La richiesta dei legali di Signorini parte da argomentazione netta: la diffusione di chat e messaggi privati del giornalista sono di “provenienza illecita” e hanno contribuito ad infangare la sua “onorabilità” e la sua “reputazione”. Per questo chiedono ai giganti del web di bloccare ed oscurare le ricostruzioni fatte da Fabrizio Corona su YouTube e rimbalzate con un clamoroso “effetto valanga” sui social. “‘Avete consentito gravi crimini e condotto gli effetti di tali illeciti a dimensioni incommensurabili, rendendo le conseguenze irreversibili’ consentendo l’uso ‘indiscriminato ed offensivo’ dei canali di comunicazione senza il ‘benché minimo’controllo”, si legge nella lettera riportata dal Corriere della Sera. Il risultato? L’immagine di Signorini “è irrimediabilmente deturpata dall’illecita, ripetuta, artefatta diffusione di conversazioni ed immagini attinenti la sfera privata più intima e personale”. L’accusa è di aver violato le norme sulla tutela della privacy “mentre i social e i provider fanno ricavi e profitti sulla sua reputazione grazie alla diffusione illecita di video ed immagini” diffuse da Corona.

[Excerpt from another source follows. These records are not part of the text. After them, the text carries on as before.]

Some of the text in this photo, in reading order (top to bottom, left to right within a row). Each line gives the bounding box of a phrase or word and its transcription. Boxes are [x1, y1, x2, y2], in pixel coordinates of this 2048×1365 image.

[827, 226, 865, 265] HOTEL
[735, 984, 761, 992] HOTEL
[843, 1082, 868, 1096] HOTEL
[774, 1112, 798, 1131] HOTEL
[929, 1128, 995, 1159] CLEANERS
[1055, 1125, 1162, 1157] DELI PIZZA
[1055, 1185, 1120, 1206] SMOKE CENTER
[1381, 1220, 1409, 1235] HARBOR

Pronta la richiesta del risarcimento milionario
La prima richiesta di Daniela Missaglia e Domenico Aiello è quella di bloccare la diffusione di Falsissimo su YouTube e poi la diffusione di tutte le clip sui social e motori di ricerca “perché contengono fatti e dati per i quali Corona è stato indagato per revenge porn dai pm milanesi Alessandro Gobbis e Letizia Mannella”.

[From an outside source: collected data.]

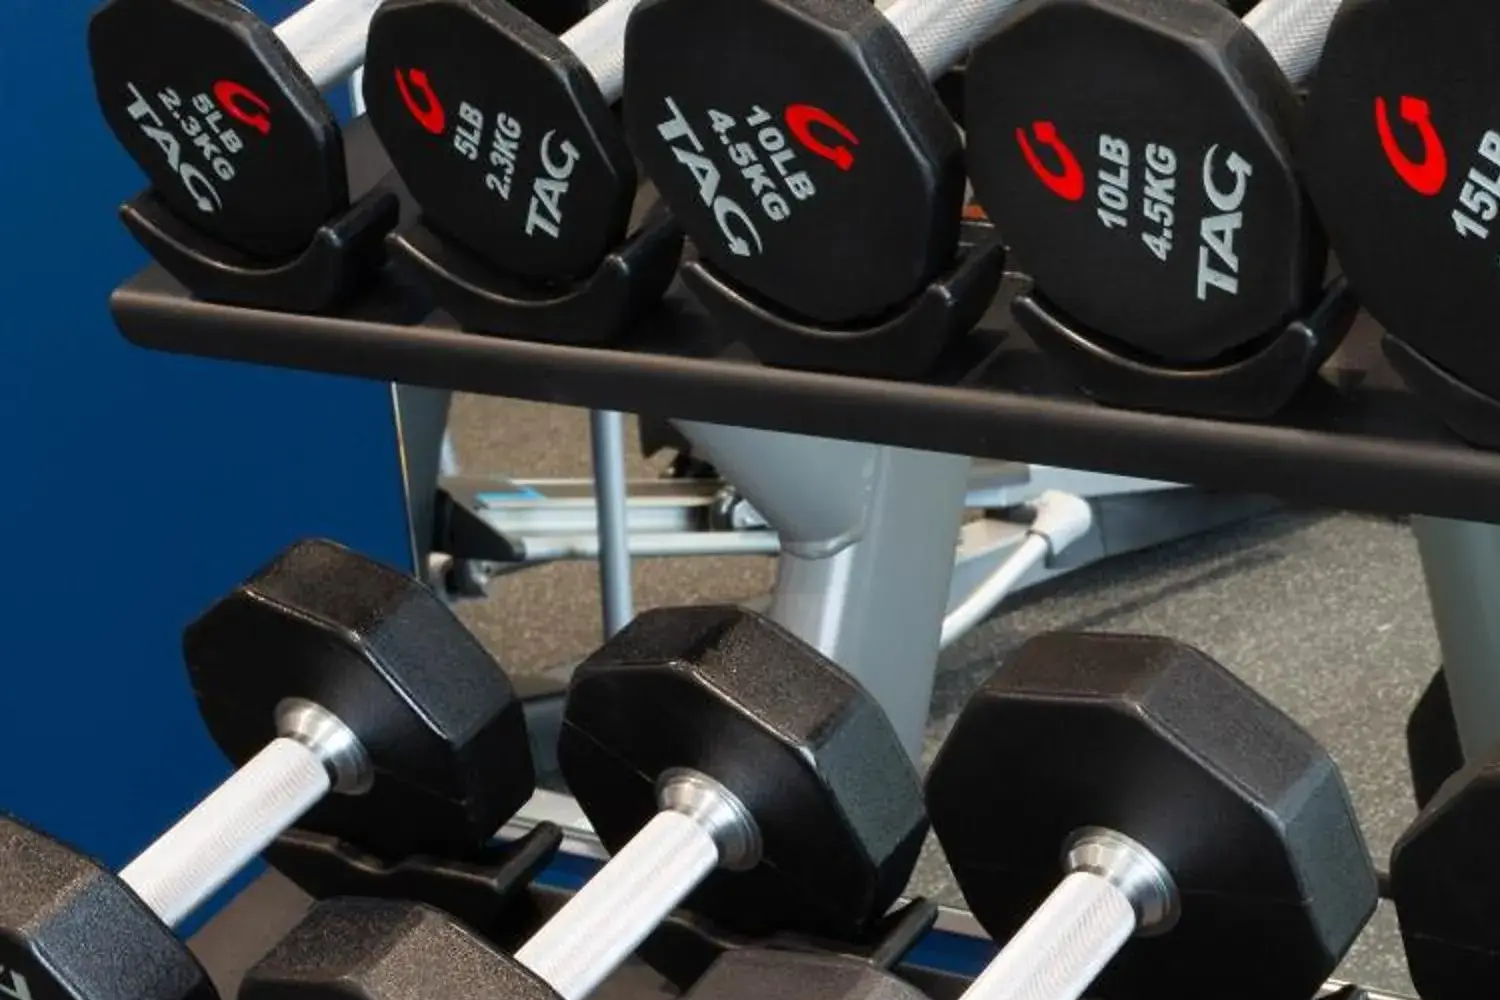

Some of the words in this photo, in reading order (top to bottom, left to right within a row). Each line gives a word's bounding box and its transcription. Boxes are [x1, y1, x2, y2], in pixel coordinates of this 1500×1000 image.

[127, 82, 222, 213] TAG
[159, 88, 235, 181] 2.3KG
[193, 93, 243, 153] 5LB
[453, 101, 484, 161] 5LB
[485, 112, 522, 200] 2.3KG
[707, 109, 791, 221] 4.5KG
[746, 105, 816, 201] 10LB
[525, 130, 580, 239] TAG
[657, 96, 763, 257] TAG
[1096, 134, 1130, 230] 10LB
[1141, 143, 1177, 261] 4.5KG
[1197, 143, 1253, 301] TAG
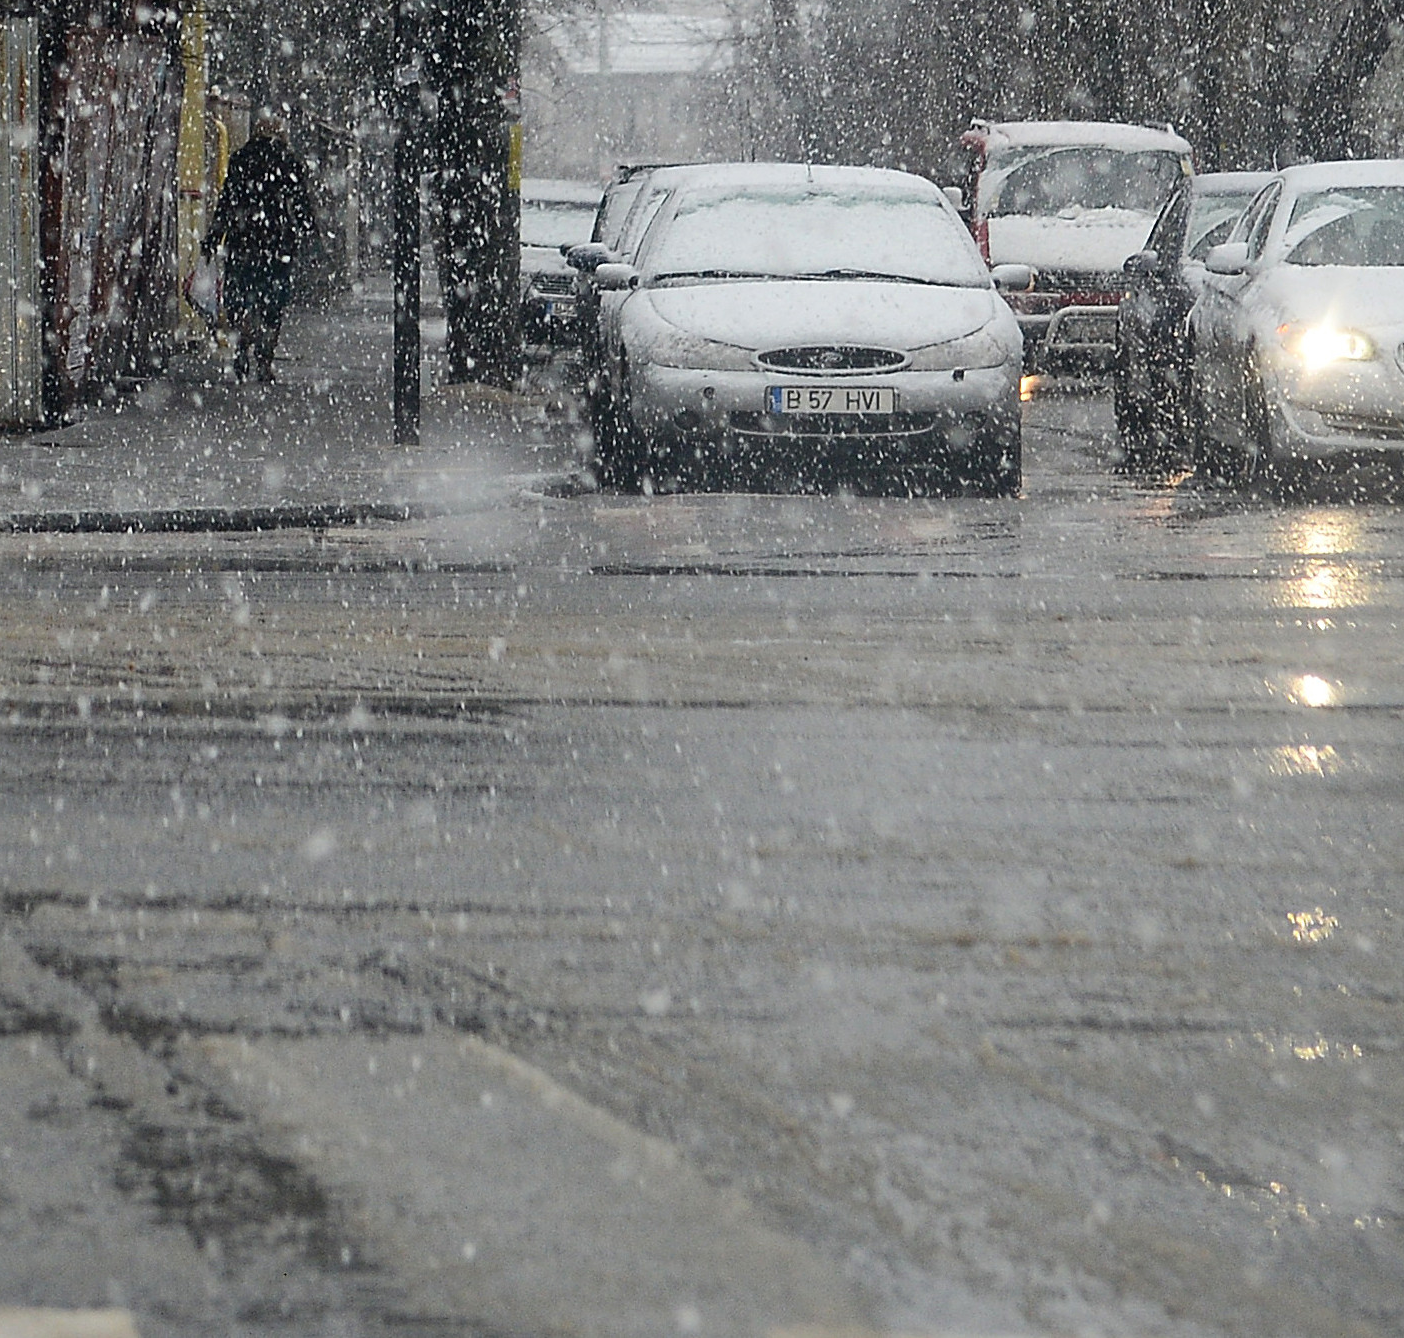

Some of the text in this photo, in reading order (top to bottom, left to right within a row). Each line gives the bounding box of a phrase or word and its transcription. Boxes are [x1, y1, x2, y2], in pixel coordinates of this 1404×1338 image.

[786, 391, 881, 410] B 57 HVI

E anche qualora i magistrati milanesi archiviassero l’accusa a Corona di diffusione illecita di immagini a contenuto sessualmente esplicito, Facebook, YouTube, Instagram e TikTok “possono sempre essere ritenuti responsabili di ricettazione di dati di provenienza illecita perché i contenuti messi in rete restano illegali perché violano la privacy di Signorini”. Ma non è tutto, perché i legali del giornalista stanno valutando di citare in giudizio civile i colossi del web “ai quali chiedere risarcimenti milionari, parametrati sulla fama e sul successo professionale di Alfonso Signorini”. In ballo c’è secondo la Missaglia il “danno reputazionale e biologico” che avrebbe subito il conduttore tv “ed un’eventuale richiesta di pagamento dei danni a carico di Corona e di tutti coloro che hanno fatta da sua cassa di risonanza”.